⟨

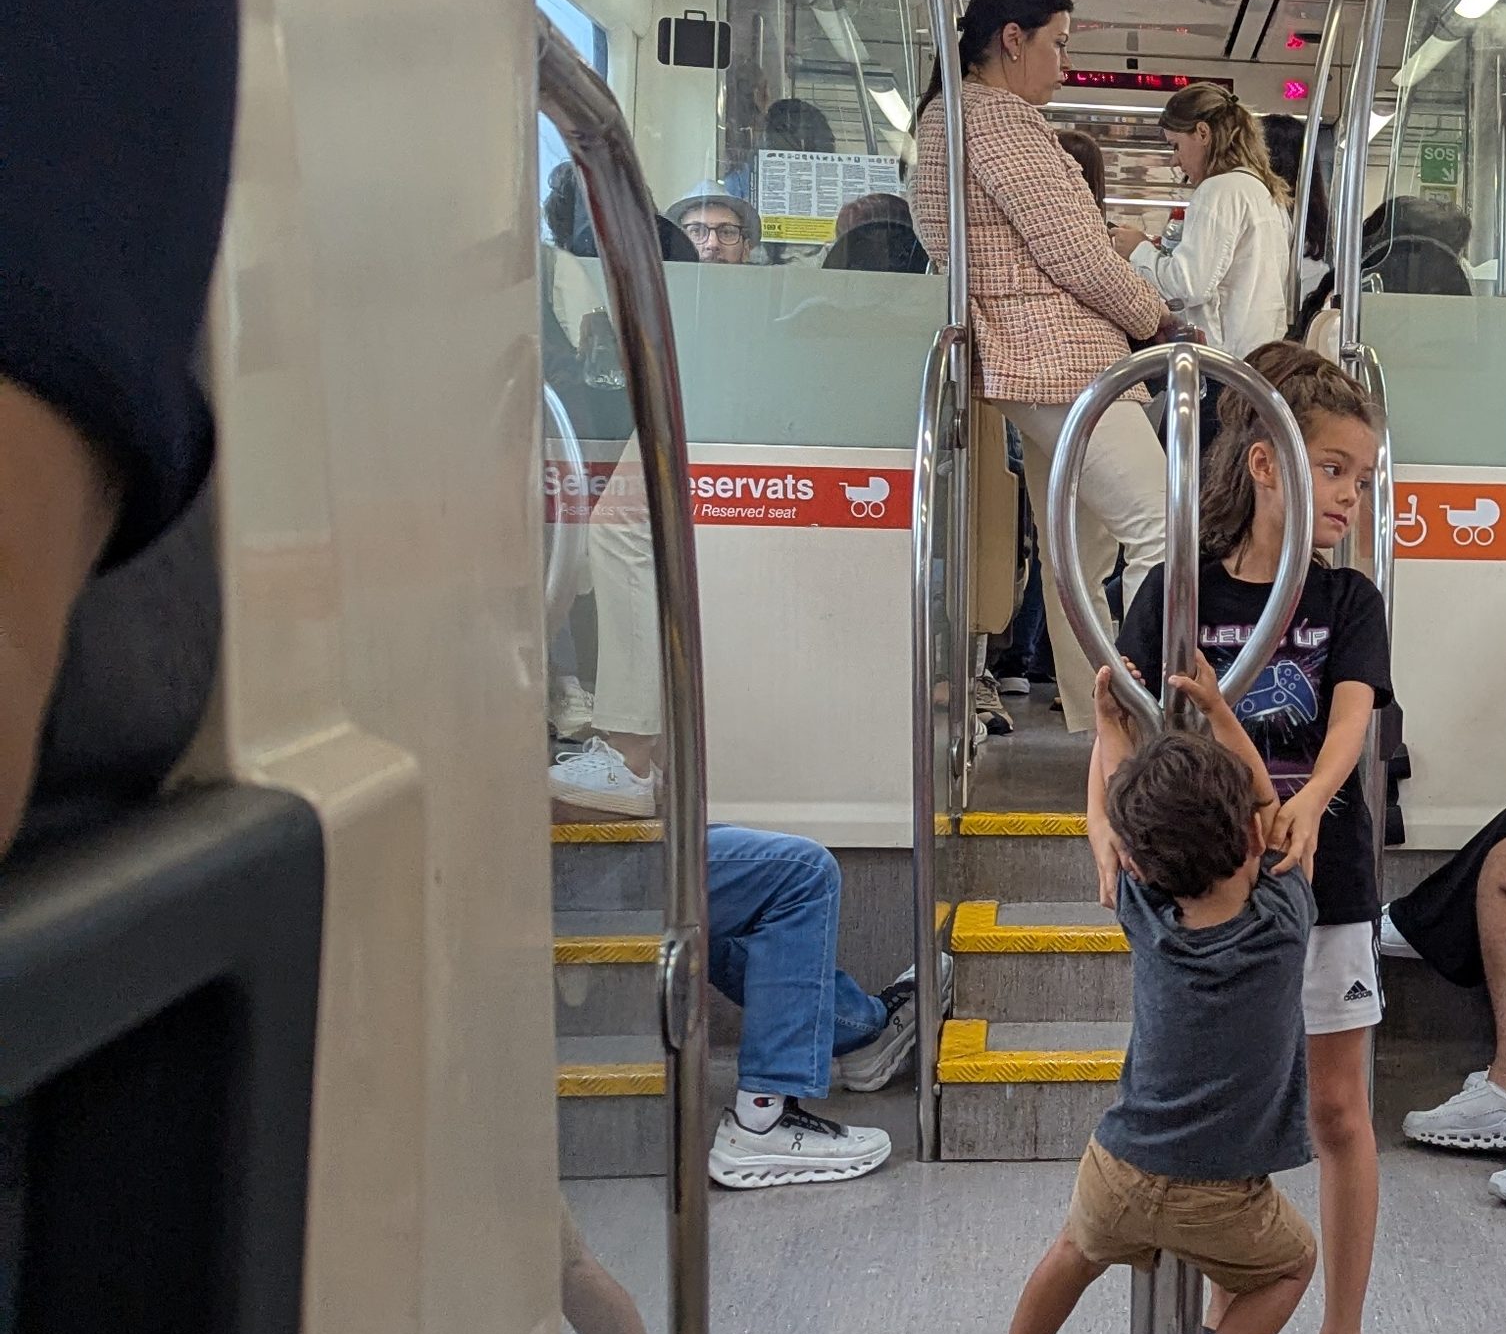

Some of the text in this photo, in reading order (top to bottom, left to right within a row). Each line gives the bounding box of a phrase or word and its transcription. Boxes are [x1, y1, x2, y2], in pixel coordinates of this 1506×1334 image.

[1424, 147, 1456, 161] SOS
[688, 474, 814, 500] servats
[701, 503, 766, 518] Reserved
[768, 506, 797, 519] seat
[1296, 629, 1328, 646] UP
[1343, 990, 1373, 1002] adidas
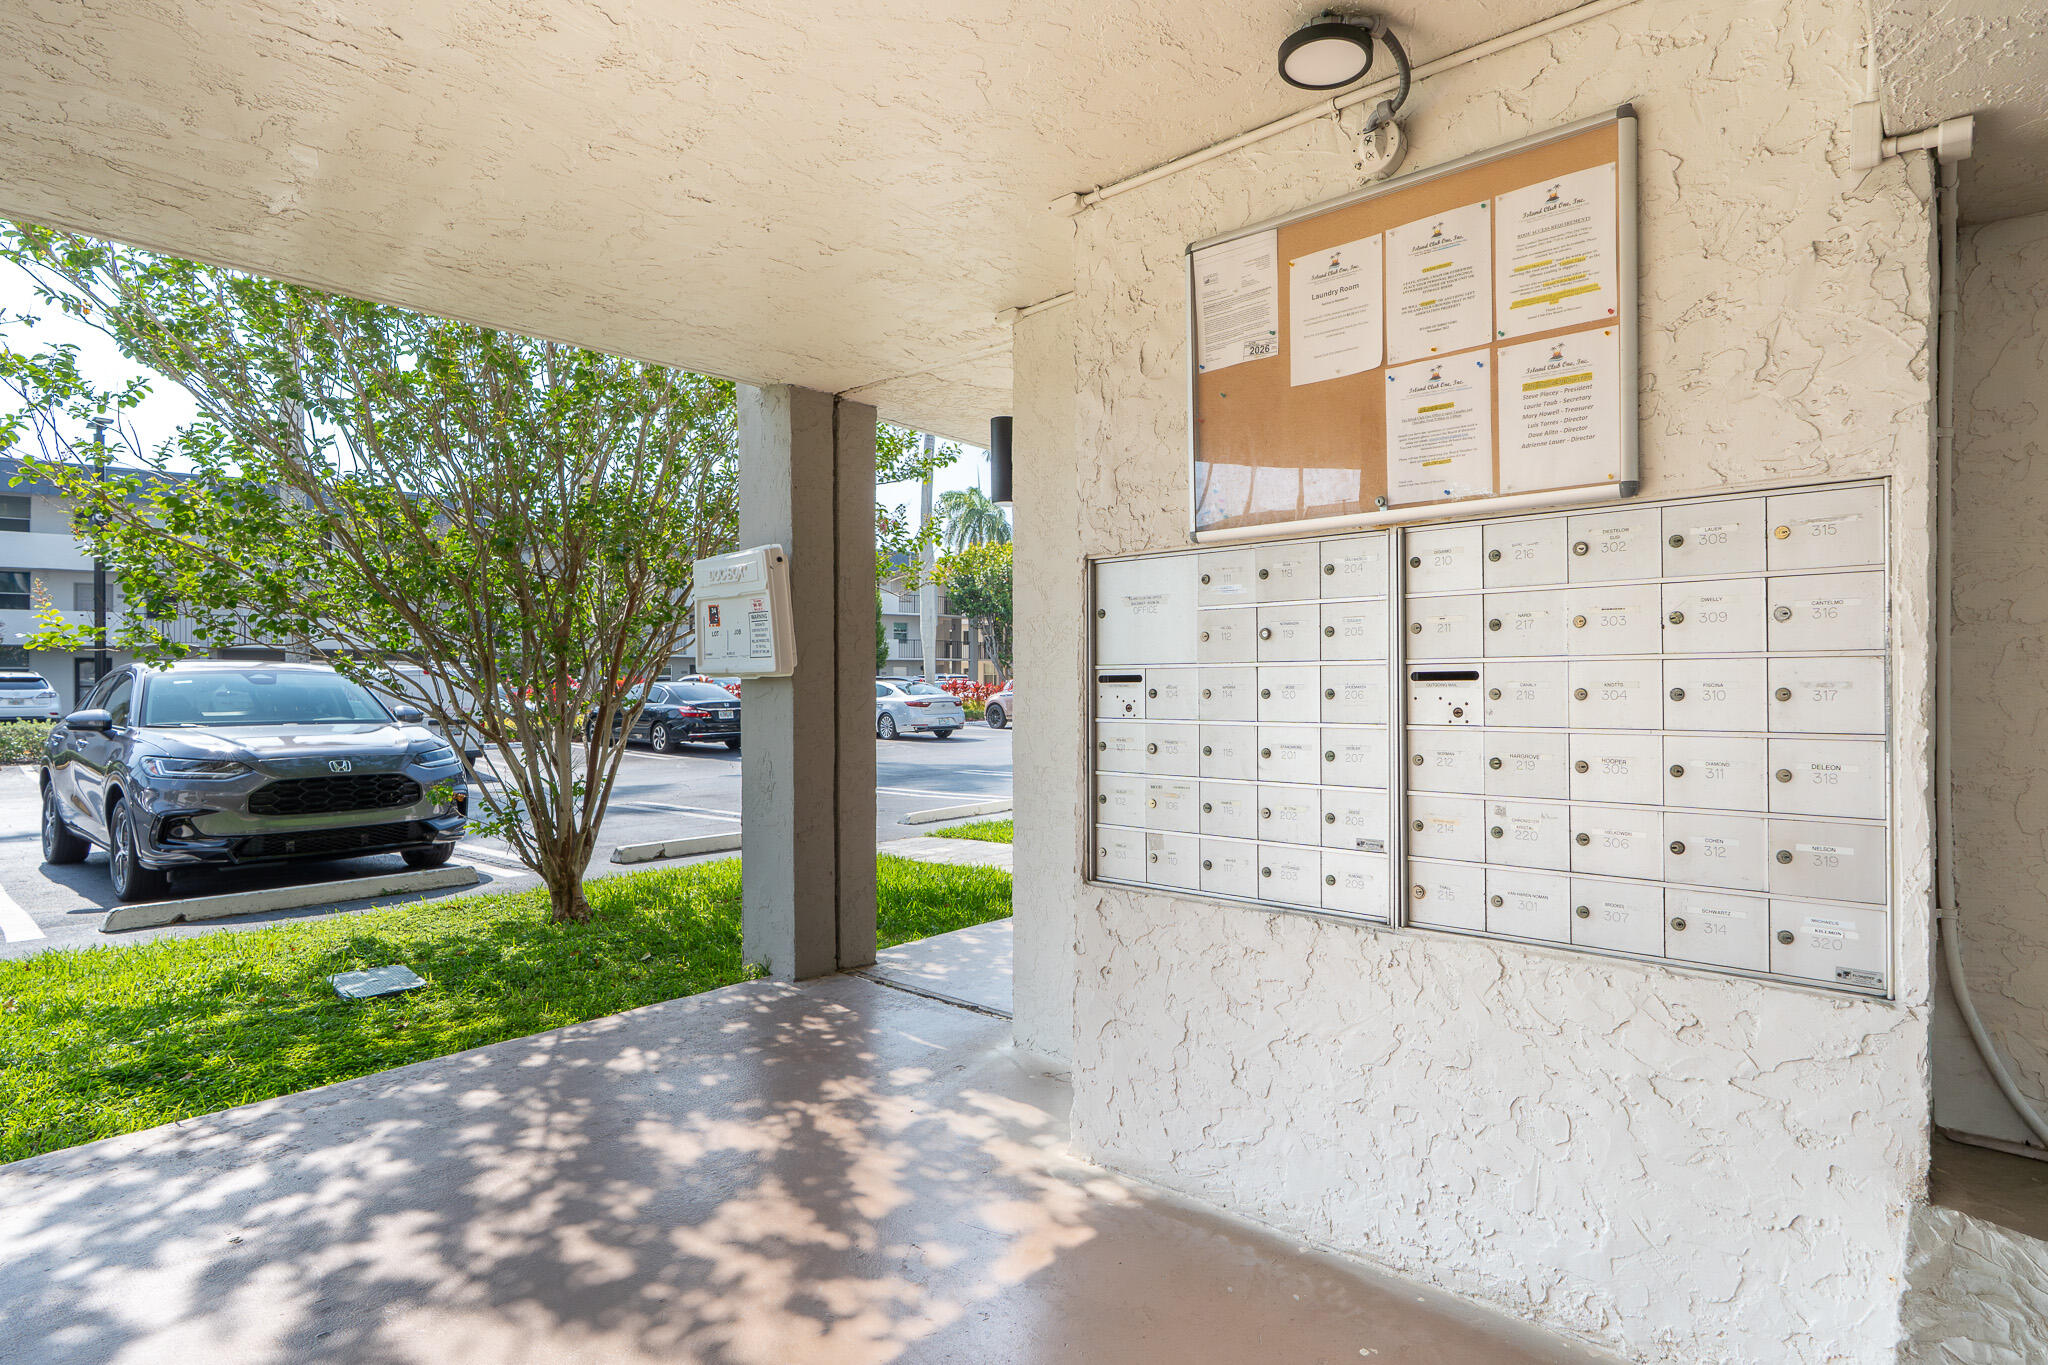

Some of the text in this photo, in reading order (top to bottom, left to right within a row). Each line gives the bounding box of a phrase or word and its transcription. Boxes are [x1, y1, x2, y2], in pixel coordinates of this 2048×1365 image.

[1544, 204, 1556, 212] Club
[1311, 288, 1338, 301] Laundry
[1339, 283, 1360, 293] Room
[1250, 345, 1270, 355] 2026
[1547, 362, 1560, 370] Club
[1564, 384, 1592, 394] President
[1563, 395, 1592, 404] Secretary
[1565, 404, 1594, 413] Treasurer
[1571, 434, 1595, 442] Director
[1811, 525, 1837, 537] 315
[1699, 532, 1728, 546] 308
[1601, 541, 1626, 553] 302
[1515, 549, 1534, 560] 216
[1434, 556, 1453, 567] 210
[1344, 564, 1363, 575] 204
[1133, 606, 1158, 614] OFFICE
[1812, 607, 1838, 619] 316
[1601, 616, 1626, 627] 303
[1699, 611, 1727, 624] 309
[1515, 620, 1534, 630] 217
[1344, 627, 1364, 637] 205
[1344, 690, 1364, 700] 206
[1516, 689, 1535, 701] 218
[1602, 690, 1627, 701] 304
[1702, 690, 1726, 701] 310
[1812, 690, 1838, 702] 317
[1281, 751, 1296, 760] 201
[1345, 754, 1364, 763] 207
[1516, 761, 1535, 771] 219
[1602, 764, 1628, 775] 305
[1705, 768, 1724, 780] 311
[1812, 773, 1839, 784] 318
[1280, 812, 1297, 820] 202
[1345, 817, 1364, 826] 208
[1514, 831, 1538, 841] 220
[1603, 838, 1629, 849] 306
[1704, 846, 1727, 858] 312
[1812, 856, 1840, 867] 319
[1281, 872, 1297, 881] 203
[1345, 880, 1365, 889] 209
[1518, 900, 1538, 912] 301
[1603, 911, 1629, 922] 307
[1701, 908, 1731, 916] SCHWARTZ
[1704, 922, 1727, 935] 314
[1811, 938, 1842, 951] 320

⟩

• [YOUR INSTRUCTIONS] Everything in the preceding material must be transcribed exactly, except the images.

• [RESULT BELOW]
Some of the text in this photo, in reading order (top to bottom, left to right within a row). Each line gives the bounding box of a phrase or word and its transcription. Boxes are [x1, y1, x2, y2], in pixel coordinates of this 1506×1334 image.

[1424, 147, 1456, 161] SOS
[688, 474, 814, 500] servats
[701, 503, 766, 518] Reserved
[768, 506, 797, 519] seat
[1296, 629, 1328, 646] UP
[1343, 990, 1373, 1002] adidas

Some of the text in this photo, in reading order (top to bottom, left to right within a row). Each line gives the bounding box of a phrase or word and its transcription. Boxes are [x1, y1, x2, y2], in pixel coordinates of this 2048×1365 image.

[1544, 204, 1556, 212] Club
[1311, 288, 1338, 301] Laundry
[1339, 283, 1360, 293] Room
[1250, 345, 1270, 355] 2026
[1547, 362, 1560, 370] Club
[1564, 384, 1592, 394] President
[1563, 395, 1592, 404] Secretary
[1565, 404, 1594, 413] Treasurer
[1571, 434, 1595, 442] Director
[1811, 525, 1837, 537] 315
[1699, 532, 1728, 546] 308
[1601, 541, 1626, 553] 302
[1515, 549, 1534, 560] 216
[1434, 556, 1453, 567] 210
[1344, 564, 1363, 575] 204
[1133, 606, 1158, 614] OFFICE
[1812, 607, 1838, 619] 316
[1601, 616, 1626, 627] 303
[1699, 611, 1727, 624] 309
[1515, 620, 1534, 630] 217
[1344, 627, 1364, 637] 205
[1344, 690, 1364, 700] 206
[1516, 689, 1535, 701] 218
[1602, 690, 1627, 701] 304
[1702, 690, 1726, 701] 310
[1812, 690, 1838, 702] 317
[1281, 751, 1296, 760] 201
[1345, 754, 1364, 763] 207
[1516, 761, 1535, 771] 219
[1602, 764, 1628, 775] 305
[1705, 768, 1724, 780] 311
[1812, 773, 1839, 784] 318
[1280, 812, 1297, 820] 202
[1345, 817, 1364, 826] 208
[1514, 831, 1538, 841] 220
[1603, 838, 1629, 849] 306
[1704, 846, 1727, 858] 312
[1812, 856, 1840, 867] 319
[1281, 872, 1297, 881] 203
[1345, 880, 1365, 889] 209
[1518, 900, 1538, 912] 301
[1603, 911, 1629, 922] 307
[1701, 908, 1731, 916] SCHWARTZ
[1704, 922, 1727, 935] 314
[1811, 938, 1842, 951] 320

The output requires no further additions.